Md. Golam Rabbani

Md. Golam Rabbani is the Head of the Climate Bridge Fund (CBF), BRAC in Dhaka, Bangladesh. He has been working on environment and climate change issues at national and regional levels for about nineteen years, mainly in the areas of climate risk and vulnerability assessment, risk management, policy and institutional analysis, and adaptation to climate change. Golam Rabbani was one of the key team members for preparing Bangladesh’s National Adaptation Programmes of Action (2005), Second National Communication (2012), and Adaptation Chapter for the Third National Communication of Bangladesh.

Sophie De Coninck

Sophie De Coninck brings over 20 years of international development, environment, and climate change experience to her role as Manager for the Local Climate Adaptive Living Facility, or LoCAL. Designed by the United Nations Capital Development Fund, LoCAL is a standard and internationally recognized country-based mechanism that finances locally led climate change adaptation, active in over 25 least developed countries (LDC) and African countries. Prior to joining LoCAL, Sophie worked on climate issues for the European Union.

Aage Jorgensen

Aage Jorgensen has for the past decade been Program Manager at the Nordic Development Fund (NDF) where he has helped build up a portfolio of climate change projects. He works with community-based adaptation, climate-resilient infrastructure, and urban development and is responsible for the NDF support to several countries in Africa, Asia, and Central America.

Shoubhik Ganguly

Shoubhik Ganguly has worked in the infrastructure development and financing sector in South Asia, Southeast Asia, and Africa for more than 16 years. He has worked for multilateral and bilateral development institutions and governments for the development and financing of projects in the areas of climate resilience, water, and sanitation, urban infrastructure, municipal financing, and governance. He has supported national governments in the development of enabling frameworks and capacity for leveraging private finance in infrastructure.

Maria Moita

Maria Moita is Senior Emergency and Post-Conflict Specialist in International Organization for Migration’s Regional Office for Asia and the Pacific based in Bangkok, covering over 30 countries. Maria supports prevention, preparedness, response, and recovery programs in countries across the region, dealing with the impacts of disaster and conflict-induced crisis, through migration and displacement lenses.

Vicente Anzellini

Vicente Anzelini leads the global and regional analysis team at Internal Displacement Monitoring Centre and coordinates the production of the Global Report on Internal Displacement (GRID), regional reports, and country profiles. He previously worked for the UN Office for Disaster Risk Reduction (UNDRR) as researcher and policy analyst at the Risk Knowledge Section based in Geneva. He also supported UNDRR’s Regional Office for Africa, based in Nairobi, where he conducted capacity building activities on disaster risk knowledge in over 15 countries.

Transformation Recording

Solutions to making the urban poor more resilient need to go beyond ‘business as usual and need to consider the underlying drivers which create risk for this group. Piece-meal solutions that offer temporary respite from oncoming climate change-induced stresses and disaster risks will not create the necessary level of structural change and require constant input. Therefore, it is necessary to discuss and understand how resilience initiatives can be made transformational so that urban poor households and communities within cities become truly resilient and independent.

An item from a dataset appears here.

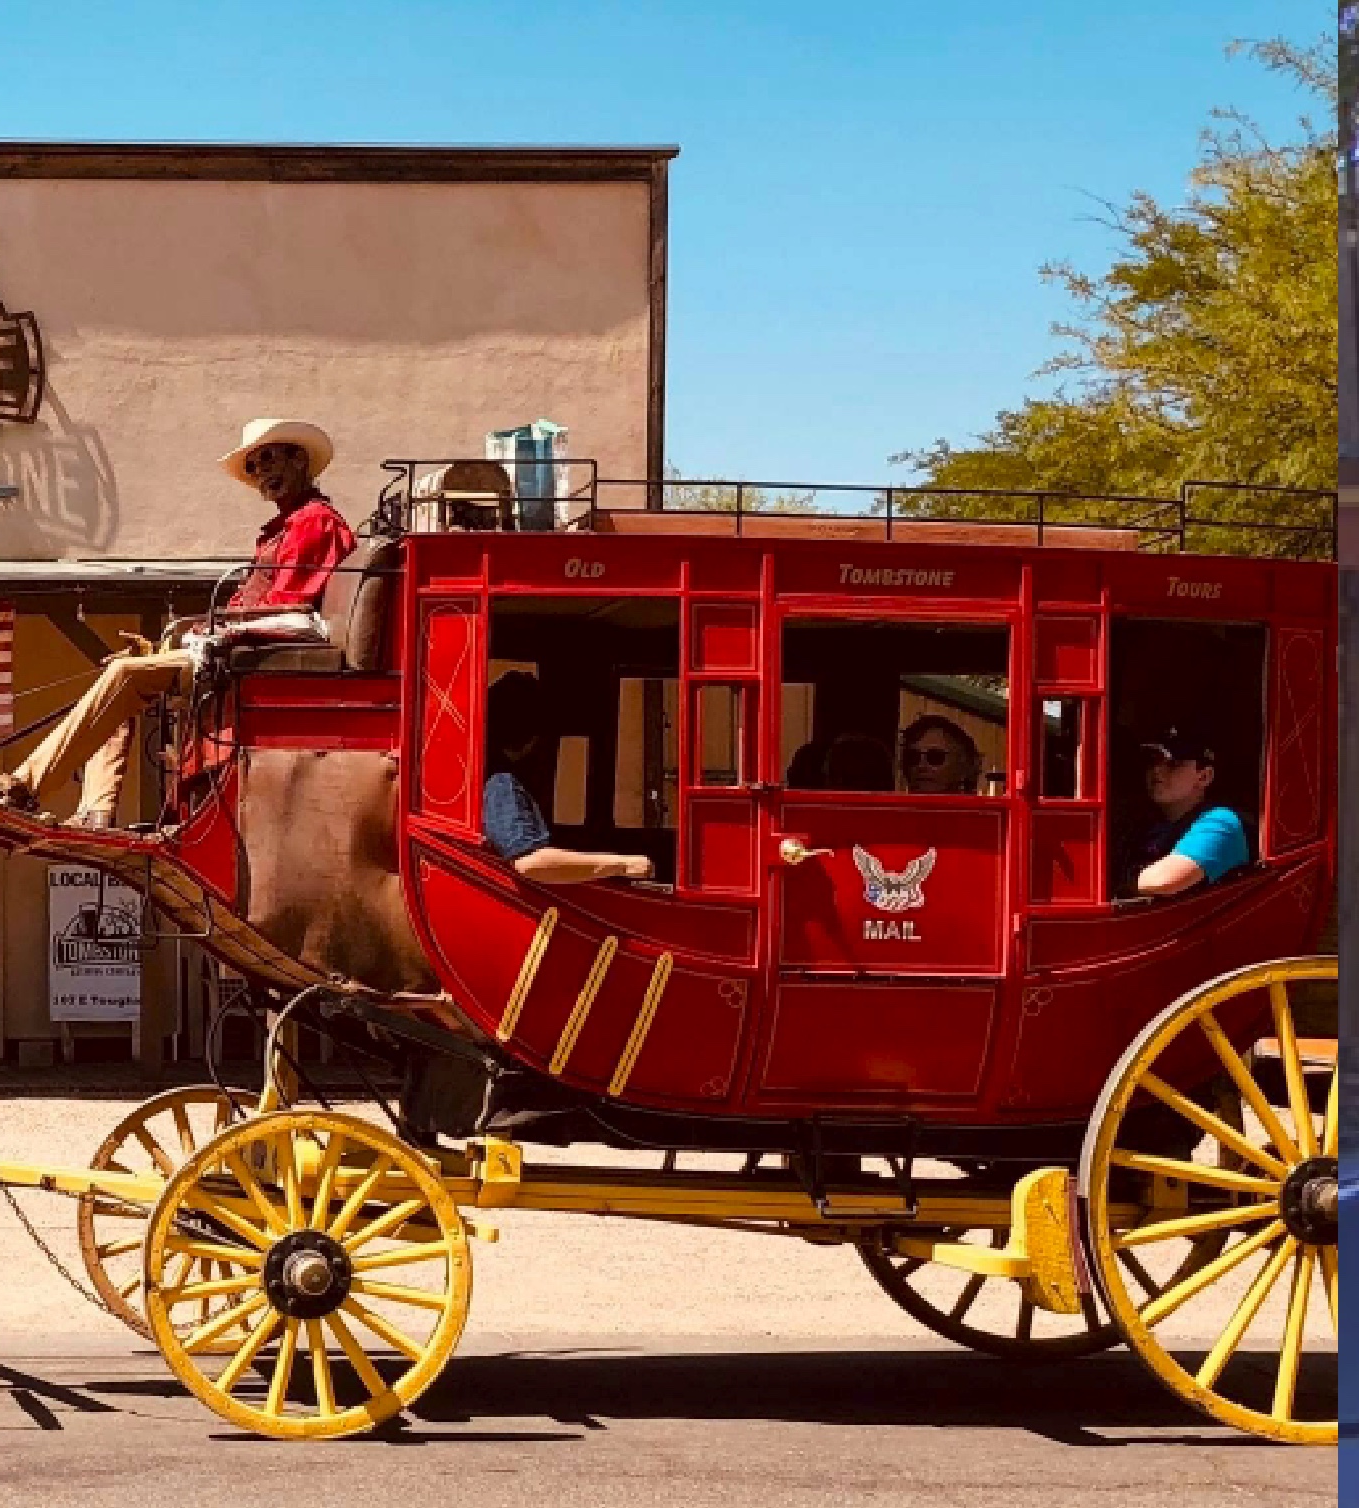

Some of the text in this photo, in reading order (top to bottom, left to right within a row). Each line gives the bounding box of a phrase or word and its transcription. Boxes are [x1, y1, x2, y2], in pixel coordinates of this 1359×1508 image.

[49, 872, 99, 887] LOCAL
[863, 919, 922, 942] MAIL
[61, 941, 140, 961] TOMBSTON

Compound Hazards Recording

Compound hazards — when multiple hazards occur simultaneously, or one after another — have come to prominence as countries manage climate and disaster risks while continuing to respond to the COVID-19 crisis. The impacts of climate change, including climate variability and more frequent and intense natural hazards, are increasing the complexity of the disaster ‘riskscape’ across Asia and the Pacific, and particularly for the urban poor.